Improving the Automatic Speech Recognition Model Whisper with Voice Activity Detection
Summary
The Dutch National Police possesses a substantial amount of audio data, and transcribing these audio files manually for analysis purposes is very labour intensive. That is why the department TROI developed an application that uses Whisper, a state-of-the-art Automatic Speech Recognition model, to automatically transcribe these audio files. Although the accuracy of Whisper is quite high, its execution time is relatively slow, posing a challenge when needing to transcribe large amounts of audio files. Considering Whisper’s minimalist strategy for data pre-processing, it is conceivable that incorporating advanced pre-processing techniques could further optimize its performance in terms of running time, without a considerable comprise in accuracy. Therefore, this research aims to investigate the influence of the pre-processing method voice activity detection on Whisper’s performance. The experiments in this research compare the performance of Whisper, Faster-Whisper and WhisperX on Dutch long-form audio data of two datasets: CGN and NFI-FRITS. Faster-Whisper and WhisperX both incorporate a voice activity detection model, Silero VAD and PyAnnote VAD, respectively. Additional experiments with hyperparameter tuning and testing the voice activity detection models are conducted. The evaluation metrics used in this research are Word Error Rate, precision, recall, F1 score and Real-Time Factor.

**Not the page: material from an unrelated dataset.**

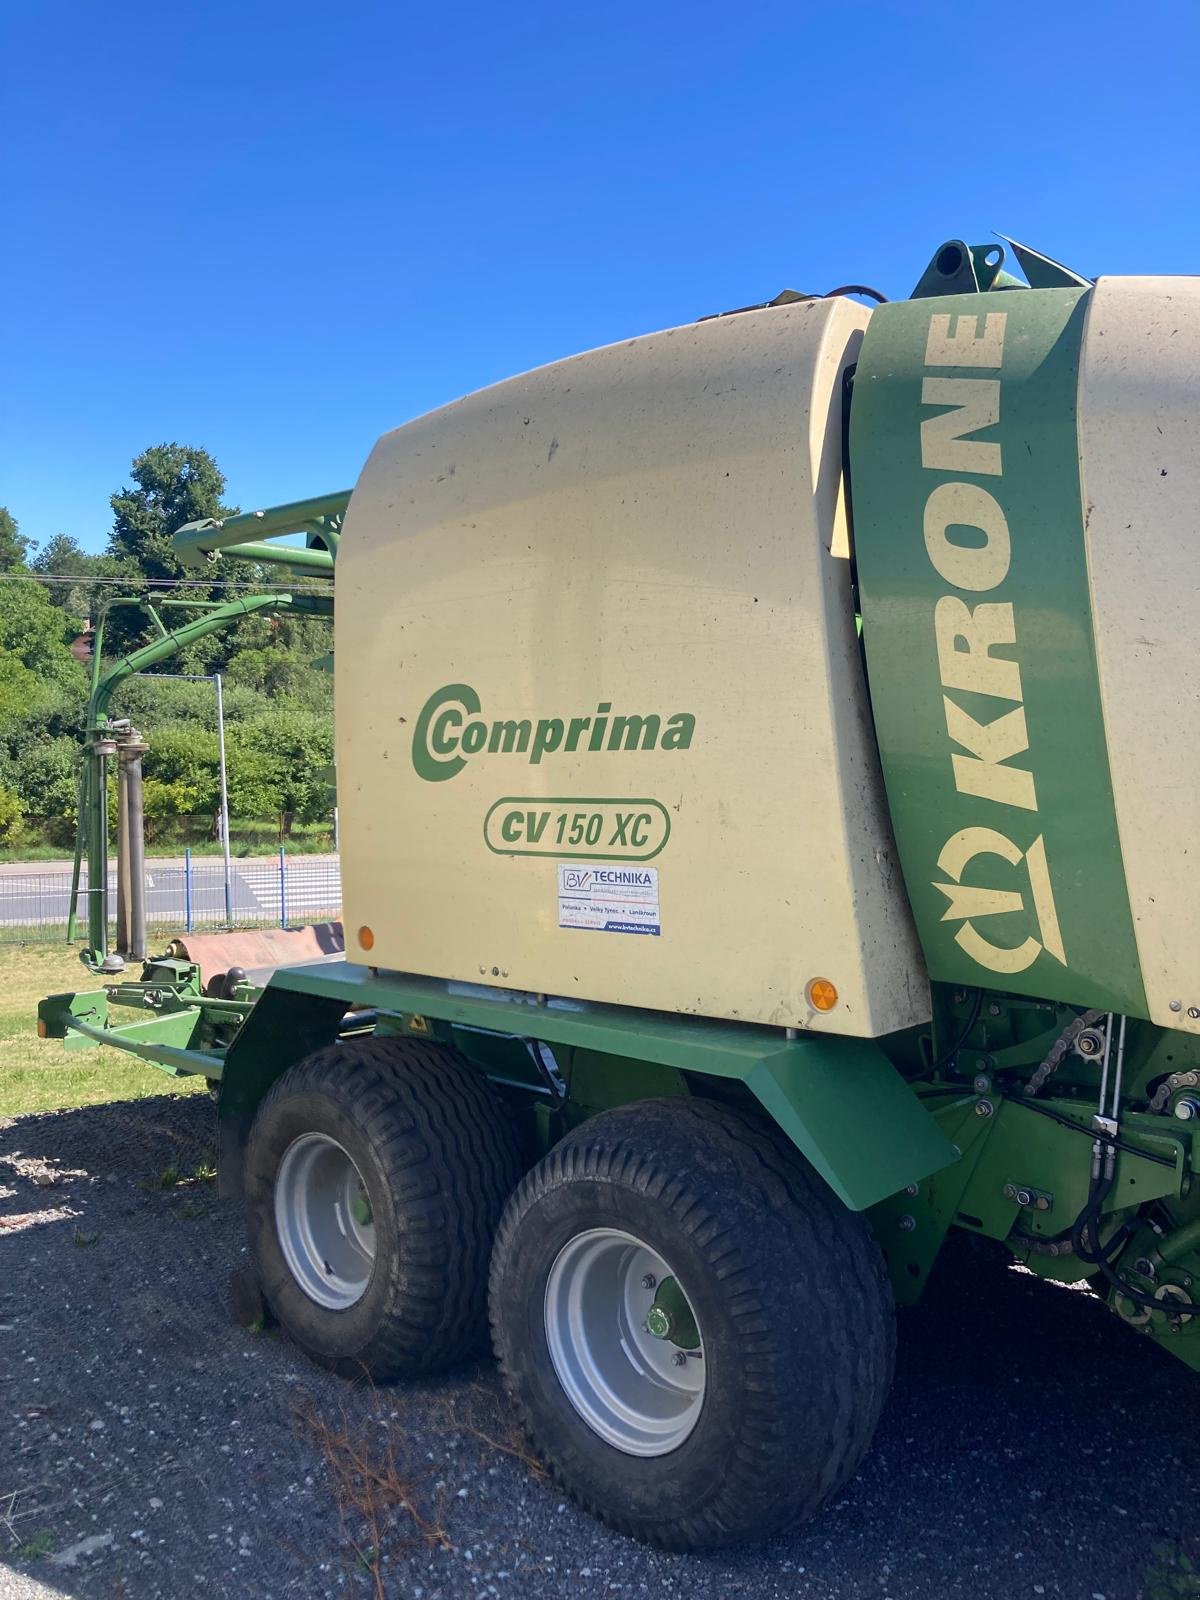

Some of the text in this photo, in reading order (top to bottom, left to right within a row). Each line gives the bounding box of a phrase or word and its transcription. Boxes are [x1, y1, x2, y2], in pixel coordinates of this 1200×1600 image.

The results demonstrate that both Faster-Whisper and WhisperX outperform the baseline Whisper model. They exhibit improved WER, precision, recall, F1-score, and RTF, indicating the advantages of incorporating voice activity detection models within the Whisper framework. Generally, WhisperX is outperforming Faster-Whisper across the different datasets and settings, on almost all performance metrics. Furthermore, the effects of tuning speech probability thresholds in Faster-Whisper and WhisperX are not clear, as they do not show a specific trend. The comparison between Silero and PyAnnote VAD shows variations in precision and recall, where PyAnnote VAD, as incorporated in WhisperX, is outperforming on precision, and Silero VAD, as incorporated in Faster-Whisper, is outperforming on recall. In conclusion, incorporating a voice activity detection model as a pre-processing technique enhances the performance of Whisper by improving transcription accuracy measured by the Word-Error Rate, precision, recall, and F1-score, and reducing the execution time measured by the Real-Time Factor. However, the effects of tuning the speech probability threshold in Faster-Whisper and WhisperX, are limited. Future research is recommended to examine alternative voice activity detection models, test the memory usage of the models, investigate differences between Whisper implementations, and look into alternative preprocessing techniques.